Food and Drink

Kathy Slack: ‘Life isn’t Instagram’

It’s a tale we’ve heard before, and one we’re hearing more and more: person leaves stressful job (usually in advertising) in the city, moves to the countryside to reconnect with nature, and lives happily ever after.

“Well, it all sounds very idyllic,” Kathy Slack tells me. She would know, having moved to the Cotswolds in the hope of some respite from the rat race. But, now with an extra four-hour commute on top of an already packed schedule, burnout and depression took hold. She quit, with no idea what to do next.

It was in the garden that Slack found solace. Wandering, weeding, scattering the first seeds of what would eventually become a prolific veg patch from which she rebuilt a new career, a new life.

“Without sounding too glib about it, part of the reason I love vegetables so much is because they have been my saviours,” she writes in her debut book From the Veg Patch, which chronicles a full year in the garden, celebrating her 10 favourite things to grow and the most exciting ways to eat them. This has since evolved into a podcast of the same name, in which she aims to provide “15 minutes of rural tranquility” to her listeners.

As her favourite time of the gardening calendar approachs (“Late August, early September is the heaven … there aren’t too many jobs and the harvests are spectacular”), we catch five minutes with the busy cook to talk about the effect switching to an agrarian way of life has had on her mental health, managing the ebbs and flows of a busy veg patch schedule, and her advice for novices and green thumbs alike.
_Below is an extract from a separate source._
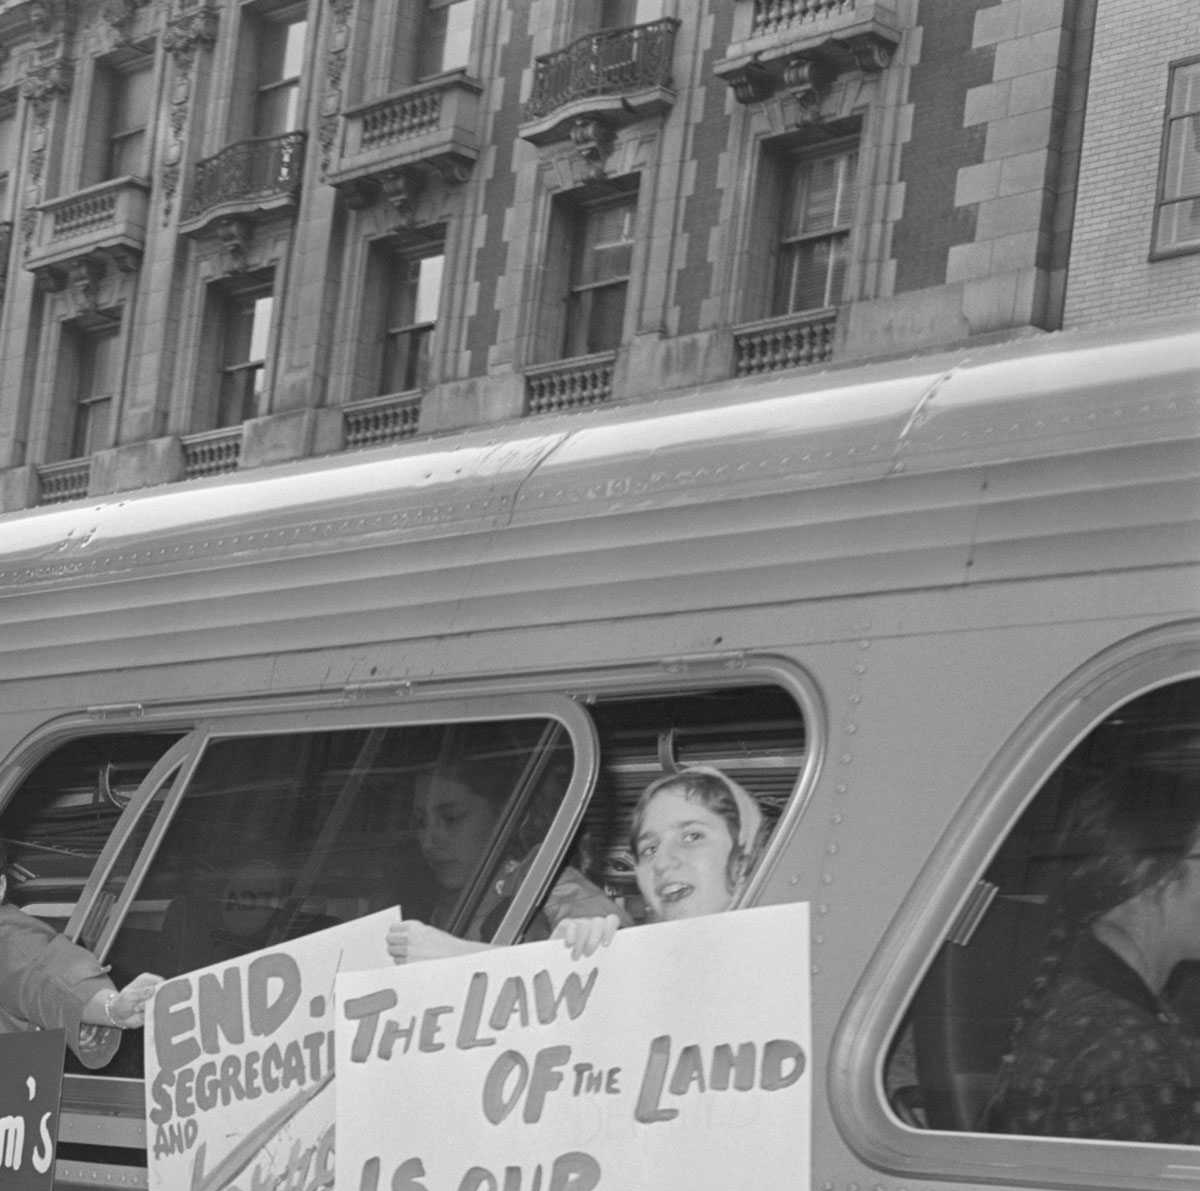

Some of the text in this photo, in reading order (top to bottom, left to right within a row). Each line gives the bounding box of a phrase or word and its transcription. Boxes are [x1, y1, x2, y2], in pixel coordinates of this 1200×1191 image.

[456, 967, 599, 1050] LAW
[482, 1034, 806, 1126] OF THE LAND
[153, 1118, 198, 1161] AND
In your own words, how did you get to where you are now?

I’m not sure I’d recommend burnout and depression as a way to discover your true purpose in life, but it was certainly the push I needed to change things, if a little dramatic. I always hankered after country life and the idea of growing, though my only experience of it was a few fuchsias in pots on my basement flat windowsill in London and binge-watching River Cottage. So it seemed a natural refuge when I was unwell.

Once I recovered, I didn’t have a grand plan to shift careers and become a food writer. I just did things I enjoyed, delighted to be enjoying anything again and grateful that I had the security and freedom to do that. I worked in a kitchen garden, then a cookery school, then did some private cooking work, started writing a bit more, started photographing the veg and just kept on going, learning and loving it as I went. No direction apart from towards the joy.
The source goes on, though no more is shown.